Jacob goes on to speak about the interconnectedness of memory, movement, trauma, and DNA. How trauma memory from our ancestors remains coded in our DNA and is something that everyone can tap into. He works within this approach through movement.
“Listening to country” also means listening to the body. We spent the next few hours being in the body. The 33 participants formed a large circle and we were each asked to prompt a brief stretch, giving each person a chance to lead the warm up.
We then went into a series of tasks of memory and movement.
We broke into two groups, one group as witness, the second group as performers. Each performer was tasked to dance the memory, while the group behind the performer would echo and also perform that memory. This process created a transmission of memory through the body and a witnessing of memory with the spectators. It added a layer of depth to knowing each other on a kinesthetic level. It gave us grounds for an immediate bond, sharing a deeply personal side of our history, without directly telling people, without necessarily understanding the context logically.
Shawn Chua shared that “...the exercise felt like a crash course in embodying the entire room’s history as a repertoire. It was easier to access those experiences through another person’s action, rather than my own. I was also asking myself—What were the kinds of actions that felt more dissonant with my body? At the same time, being aware when an action feels familiar to my body. I felt there were two main types of movement, one that was action oriented, and one that can dwell and had an emotional arc, those were the ones that allowed me to access history.”
Later on, we explored a group movement choreography exercise responding to the theme of "feeling home" when you are not at "home" (or, on your own country). It gave the participants the opportunity to co-create together as a collective, compared to as individuals in the earlier exercise.
In the afternoon, Jacob shares more on landscape as a defining factor that shapes who we are. Being near salt water as compared to fresh water changes behaviour in people. Environment breeds behaviour for generations to come. “When we speak about a country, we are speaking of landscape.”
This opens up into an engaging and exciting discussion.
Daniel Kok: “Singapore for me is actually dislocated from the land. Our history often times starts with the ’60s, the time of British colonialism. In the ’60s, the racial groups were very divided, there was no strong sense of nationhood. When Singapore became its own country, we had to learn quickly to forget all of that. We forgot our dialects. All that got erased. All the Indians are presumed to speak Tamil, all the Chinese learned Mandarin. Everything got reduced and simplified. To add to that, the indigenous people in Singapore, they (the Malays) became the minority group, and they were treated in an odd way, and the politics of that have yet to be unpacked. We don’t spend so much time on how we really belong to this land. Added to that, the rapid need to change our economic situation, from agriculture into high-tech telecommunication services. We actually don’t have any real relationship to the land. Our buildings get torn down, people protest but are not listened to.

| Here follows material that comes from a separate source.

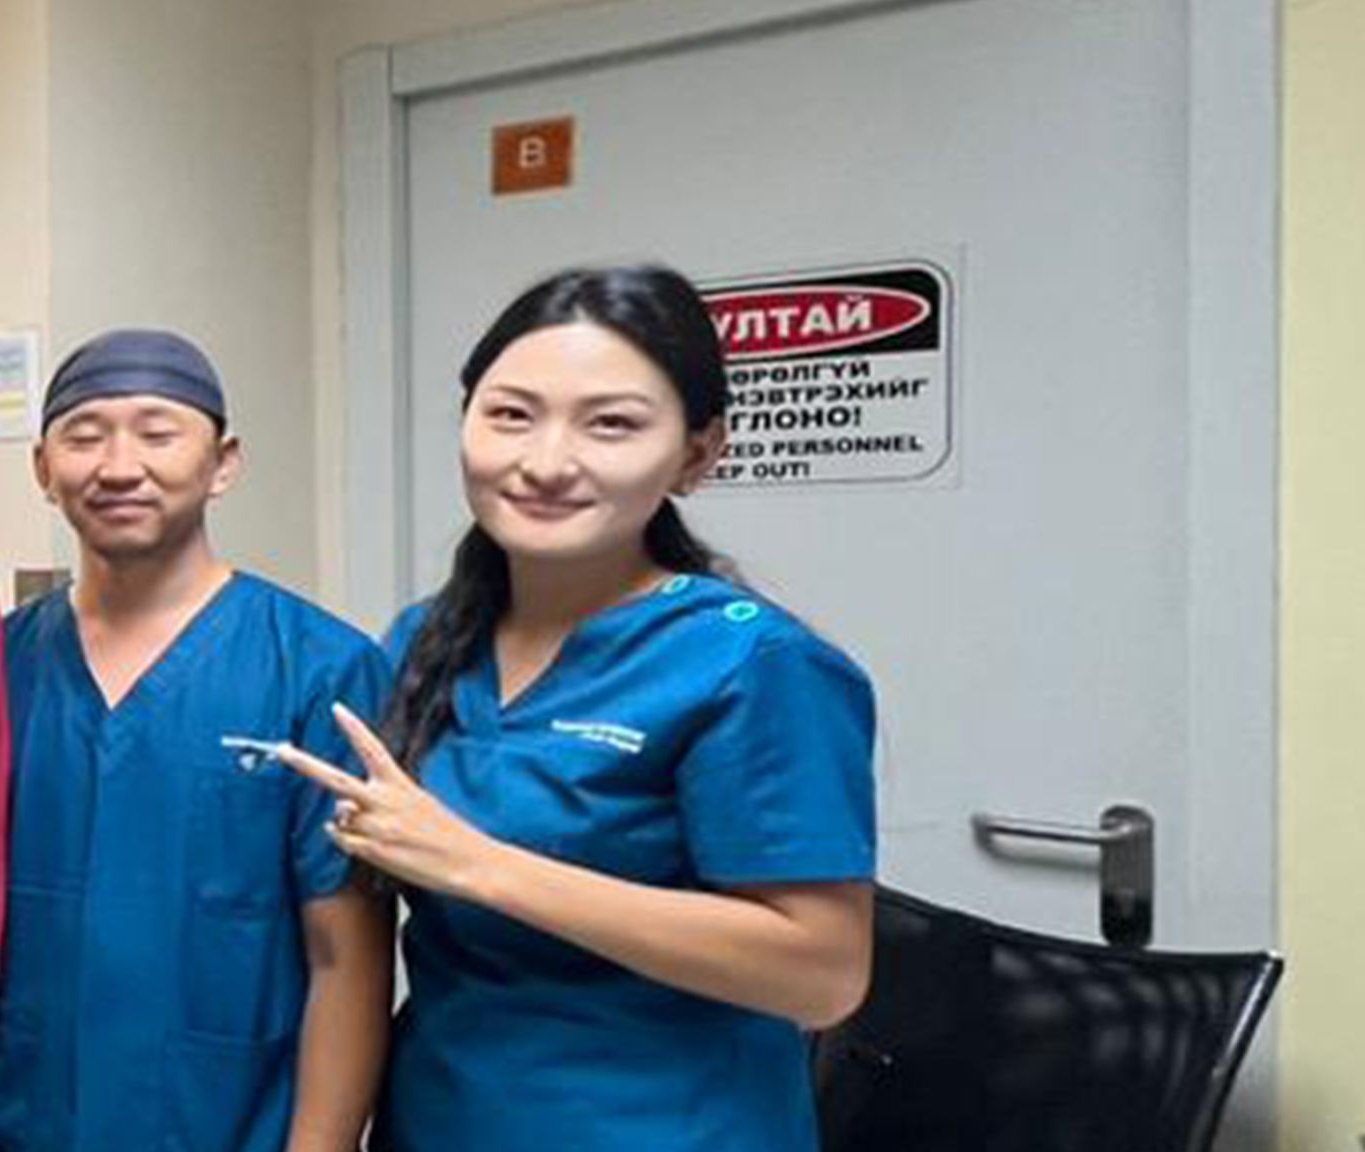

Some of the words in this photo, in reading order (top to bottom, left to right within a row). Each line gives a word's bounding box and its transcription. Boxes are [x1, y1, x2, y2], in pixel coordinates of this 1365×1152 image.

As a subject then what do I connect with? Is there anything left for me to connect to? I have no choice but to think about people and places as country. If we make another leap to think about dance. I am thinking about dance as a practice of displacement of movement. How do I deal with a sense of displacement?”
Other Singaporeans in the room add to that conversation on displacement.
Loo Zihan: “Because of Singaporeans’ context of constant deliberate erasure, the response we have to the term ‘listen to country’ is instinctively a very adverse response. ‘Listen to country’ reminds me of propaganda. It really took me some time to try to find a way to engage with the term ‘country’: I immediately have the sense of the nation, in a way that is oppressive and can be draconian or severe. I am not sure how we grapple with a benign notion of country?”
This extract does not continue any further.